Comme on le disait plus tôt, le RSEQ reçoit une demande comme celle de Valentina en moyenne une fois par mois. « C’est minime » – surtout considérant qu’on dénombre 220 000 étudiants-athlètes au Québec –, « mais c’est un contexte nouveau et différent qu’on ne vivait pas il y a 10 ans », dit M. Roel.

« Au début, c’était vraiment des entraîneurs qui faisaient le passage vers homme ou femme et vice-versa, fait savoir le DG. Maintenant, ce sont beaucoup plus des étudiants qu’on entend. On en avait au niveau collégial et universitaire, mais maintenant on reçoit même ce genre de demandes au secondaire, ce qui est nouveau. »

Quatre grands chantiers

Dans le souci d’ouvrir le dialogue et de trouver des solutions concrètes afin de promouvoir l’activité sportive dans un cadre plus inclusif et sécuritaire, le RSEQ a commencé il y a neuf mois à travailler sur quatre grands chantiers, dont celui de l’inclusion de la communauté LGBTQ+ dans le sport. Plus de 250 personnes, dont des représentants du gouvernement du Québec, ont pris part aux consultations.

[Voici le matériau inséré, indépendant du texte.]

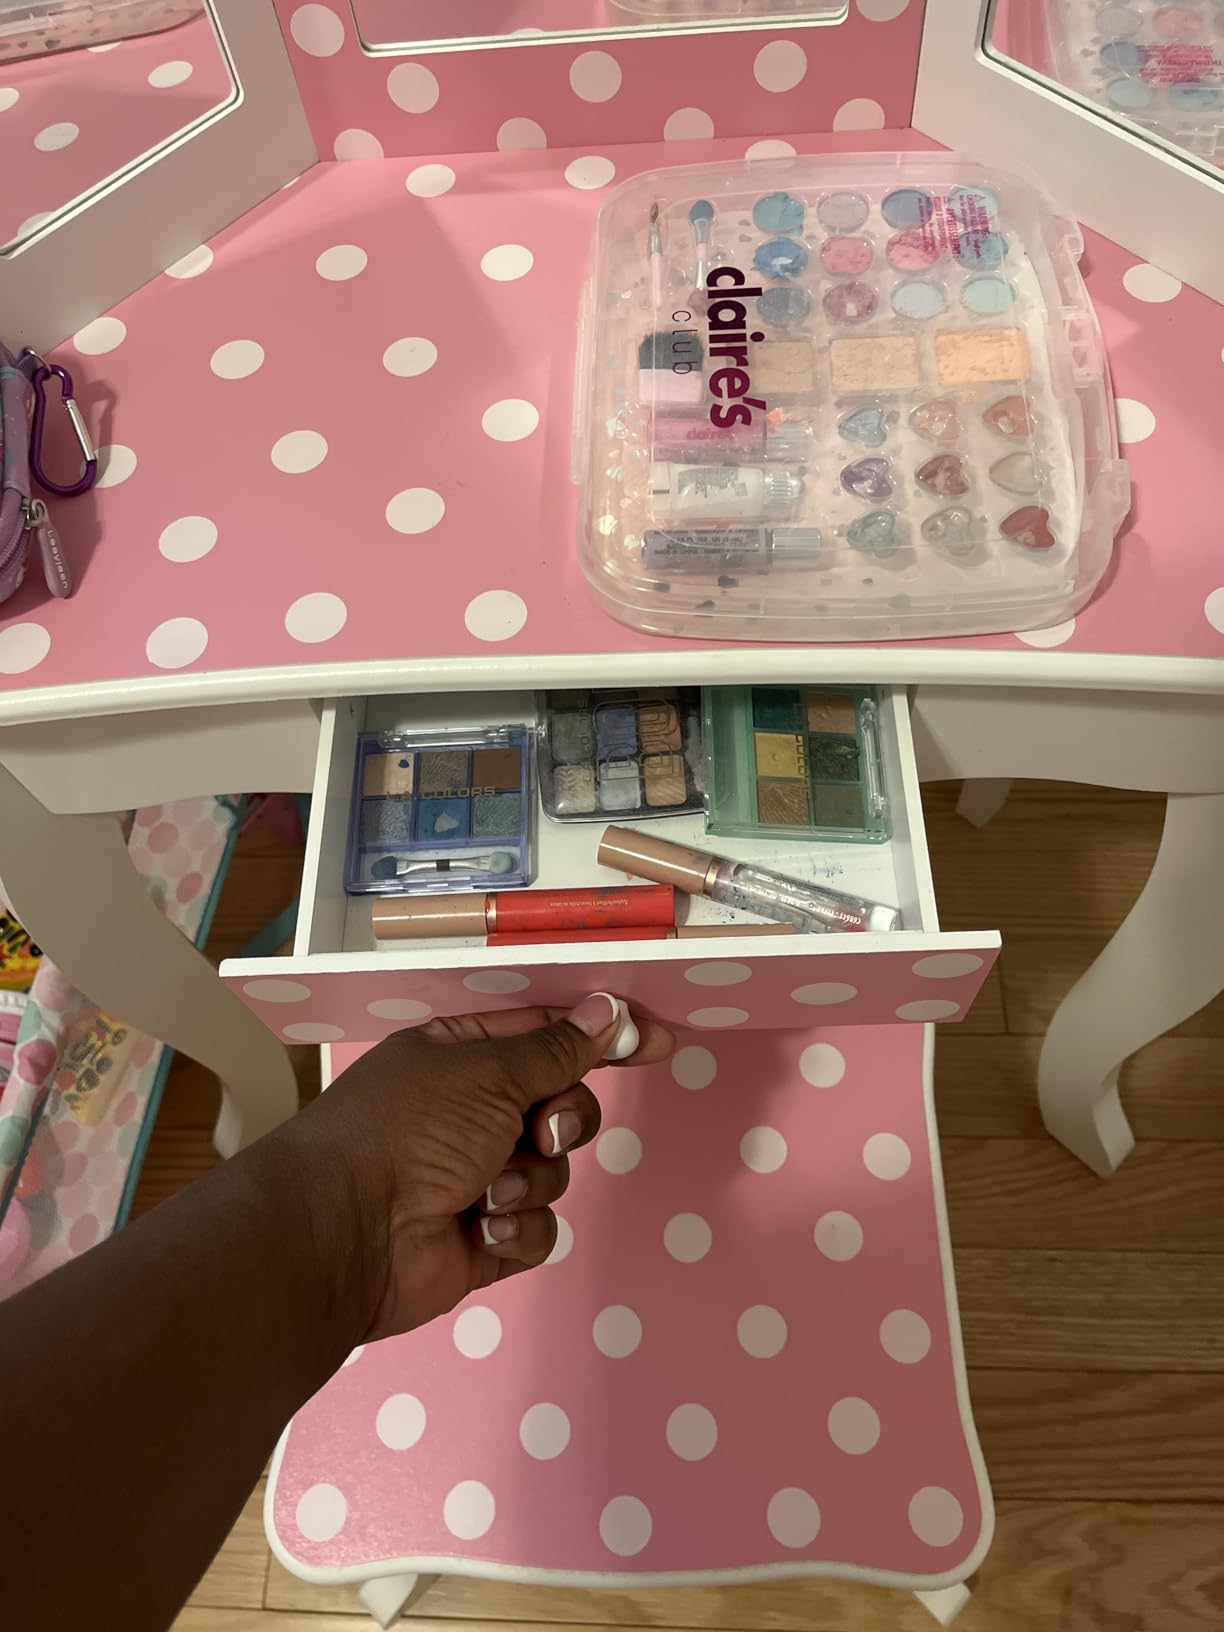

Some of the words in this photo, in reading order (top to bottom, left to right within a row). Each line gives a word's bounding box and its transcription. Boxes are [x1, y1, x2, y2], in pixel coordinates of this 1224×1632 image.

[672, 310, 698, 375] club
[706, 266, 766, 428] claire's
[422, 786, 496, 799] COLORS
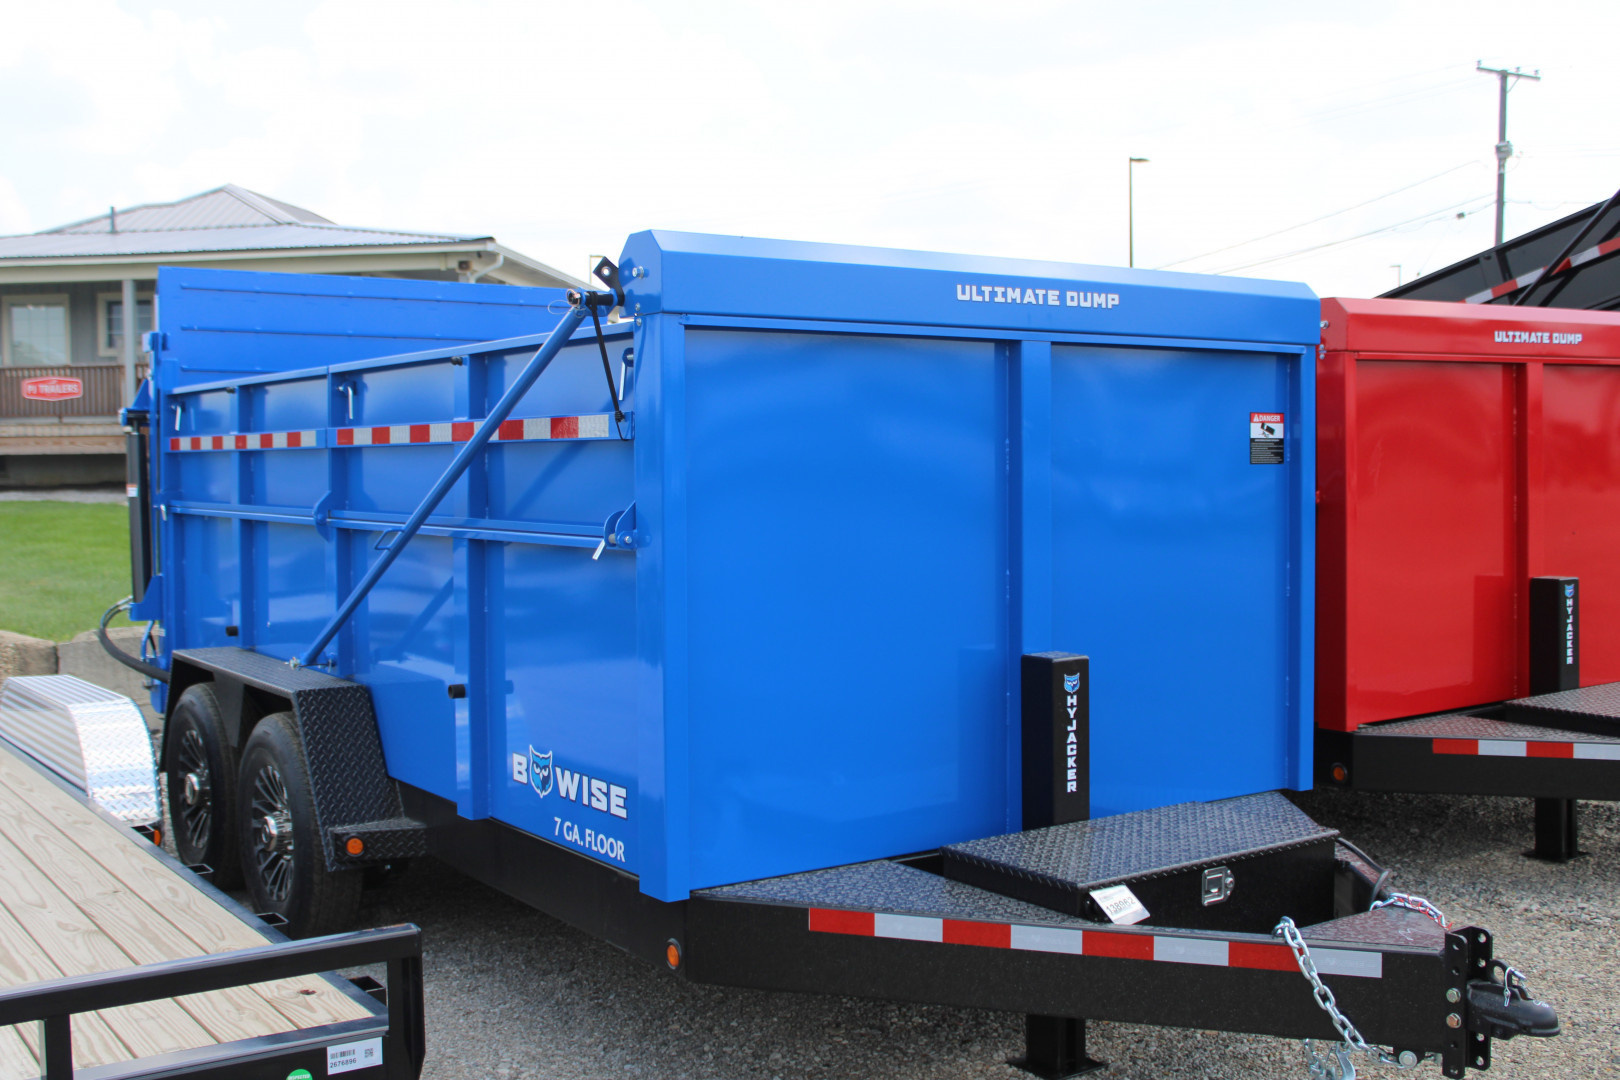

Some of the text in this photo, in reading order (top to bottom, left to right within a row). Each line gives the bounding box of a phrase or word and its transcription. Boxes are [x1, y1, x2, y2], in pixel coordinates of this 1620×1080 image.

[956, 284, 1120, 309] ULTIMATE DUMP
[1494, 330, 1583, 345] ULTIMATE DUMP
[38, 383, 79, 394] TRAILERS
[1259, 414, 1281, 422] DANGER
[1565, 598, 1574, 665] HYJACKER
[1066, 694, 1078, 793] HYJACKER
[553, 816, 626, 863] 7 GA. FLOOR
[329, 1057, 357, 1069] 2676896

« Nous, ce qu’on veut, c’est avoir des balises qui sont claires et harmonieuses pour tout le monde », indique Gustave Roel, ce qui n’est pas le cas actuellement d’une fédération sportive à l’autre.

Selon lui, il reviendrait idéalement au gouvernement de mettre en place de telles balises.

« Notre souhait, c’est qu’il y ait une vision qui soit commune pour l’ensemble des fédérations sportives. Ce n’est pas logique qu’un jeune qui fait du basketball et un jeune qui fait du soccer n’aient pas la même application. »

— Gustave Roel, directeur général du RSEQ

Le RSEQ a d’ailleurs réalisé un sondage auprès de tous les élèves et étudiants de 14 ans et plus du secondaire, du collégial et de l’université dans la province afin de leur permettre de se positionner sur un des quatre chantiers. Les résultats de ce sondage, combinés aux pistes de solution récoltées lors des consultations, permettront au RSEQ de déposer un plan d’action au mois de mars prochain.

« On est en 2022. Il faut que le sport, qui fonctionne beaucoup sur des balises et une culture qui remontent à plusieurs années, s’ajuste à la réalité de 2022 », soutient M. Roel.